Arabidopsis circadian clock gene phenotypes

Panel A: Reporter assay logic (LUC luminescence rhythms)

Panel B: Oscillator phenotypes (short period, long period, arrhythmic) and example genes

Panel C: Output phenotypes (hypocotyl length; photoperiodic flowering) and example genes

Adapted from Current Biology.

CCA1

CIRCADIAN CLOCK ASSOCIATED 1

Clock role

CCA1 is a MYB-domain transcription factor embedded in the Arabidopsis core oscillator.
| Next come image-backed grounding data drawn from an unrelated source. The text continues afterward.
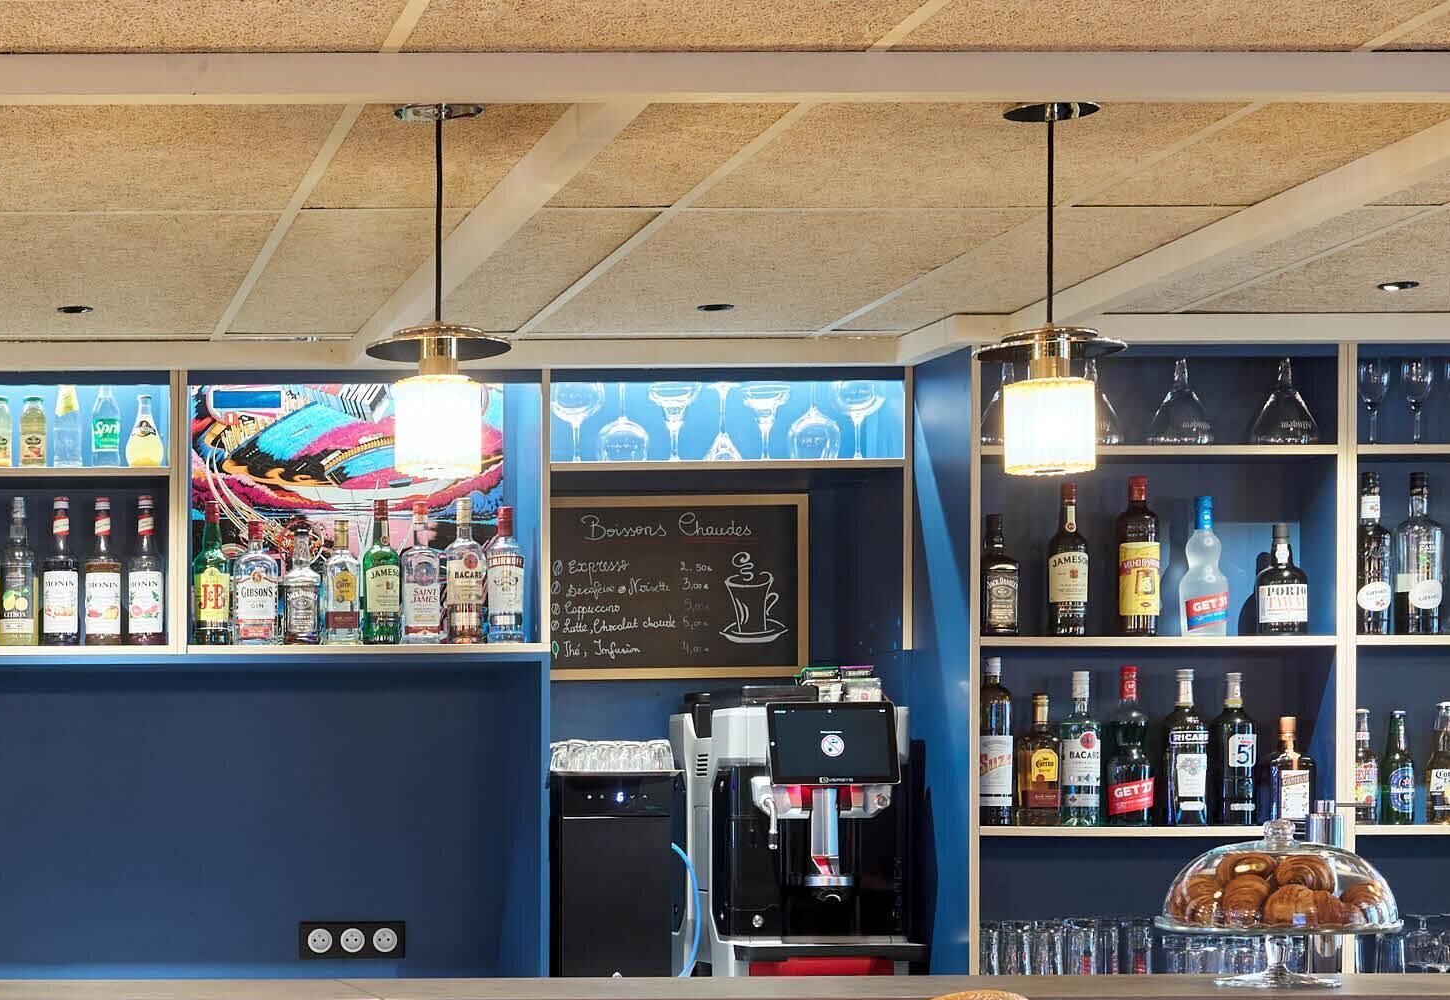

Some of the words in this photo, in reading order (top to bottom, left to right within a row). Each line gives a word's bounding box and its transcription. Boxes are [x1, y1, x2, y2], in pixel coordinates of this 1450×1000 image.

[580, 514, 667, 541] Boissons
[678, 511, 752, 537] Chaudes
[1052, 554, 1088, 568] JAMESO
[370, 567, 399, 580] JAMESO
[454, 571, 483, 580] BACARD
[568, 559, 630, 584] Expresso
[198, 583, 226, 610] J&B
[413, 588, 437, 596] SAINT
[412, 596, 438, 604] JAMES
[1192, 600, 1217, 612] GET
[564, 600, 620, 621] Cappuccino
[593, 617, 639, 634] Chocolat
[1070, 750, 1100, 759] BACAR
[1236, 743, 1254, 765] 51
[616, 791, 624, 802] 6
[1114, 785, 1140, 798] GET
In the canonical feedback architecture, CCA1 (with LHY) represses evening-phased components such as TOC1 via promoter binding.

Phenotypes

  • Loss-of-function is associated with a short-period oscillator phenotype.
  • Associated with short-hypocotyl output phenotypes.
  • Associated with early-flowering output phenotypes.

Dataset sample(s)

cca1_CT24 (CT24); WT: Col_CT20 (CT20)

Reference: Nagel & Kay, Current Biology (2012) — circadian network and phenotypes.

PRR7

PSEUDO-RESPONSE REGULATOR 7

Clock role

PRR7 participates in a morning-phased regulatory circuit: CCA1/LHY promote PRR7 expression, while PRR7 contributes repressive regulation that helps shape morning factor expression.

Phenotypes

  • Loss-of-function is associated with a long-period oscillator phenotype.
  • Associated with long-hypocotyl output phenotypes.
  • Associated with late-flowering output phenotypes.

Dataset sample(s)

prr7_CT24 (CT24); WT: Col_CT20 (CT20)

Reference: Nagel & Kay, Current Biology (2012) — circadian network and phenotypes.

PRR9

PSEUDO-RESPONSE REGULATOR 9

Clock role

PRR9 is part of the morning loop promoted by CCA1/LHY. The review describes PRR-family regulation as transcriptional repression that helps coregulate the morning oscillator factors.

Phenotypes

  • Loss-of-function is associated with a long-period oscillator phenotype.
  • Associated with long-hypocotyl output phenotypes.
  • Associated with late-flowering output phenotypes.

Dataset sample(s)

prr9_CT20 (CT20); WT: Col_CT20 (CT20)

Reference: Nagel & Kay, Current Biology (2012) — circadian network and phenotypes.

RVE4

REVEILLE 4

Clock role

RVE4 is a REVEILLE-family clock-linked regulator. RVE4 is a paralog of RVE8, which is highlighted in the reference figure as affecting circadian period; RVE4 is expected to behave similarly at the level of oscillator/output coupling.

Phenotypes

  • REVEILLE-family perturbations (example: RVE8 in the figure) are associated with circadian period phenotypes.
  • Use the figure's RVE8 example as context for expected oscillator-linked outputs.
  • Do not add additional phenotype claims beyond what is shown for RVE8 in the figure.

Dataset sample(s)

rve4_CT20 (CT20); WT: Col_CT20 (CT20)

Reference: Nagel & Kay, Current Biology (2012) — circadian network and phenotypes.

References

  • Nagel, D.H.; Kay, S.A. Complexity in the Wiring and Regulation of Plant Circadian Networks. Current Biology 22 (2012) R648–R657. (Corrected figure and erratum: Current Biology 23 (2013) 95–96.)
    doi:10.1016/j.cub.2012.12.016
  • Chuong, N.N.; Doan, P.P.T.; Wang, L.; Kim, J.H.; Kim, J. Current Insights into m6A RNA Methylation and Its Emerging Role in Plant Circadian Clock. Plants 2023, 12, 624.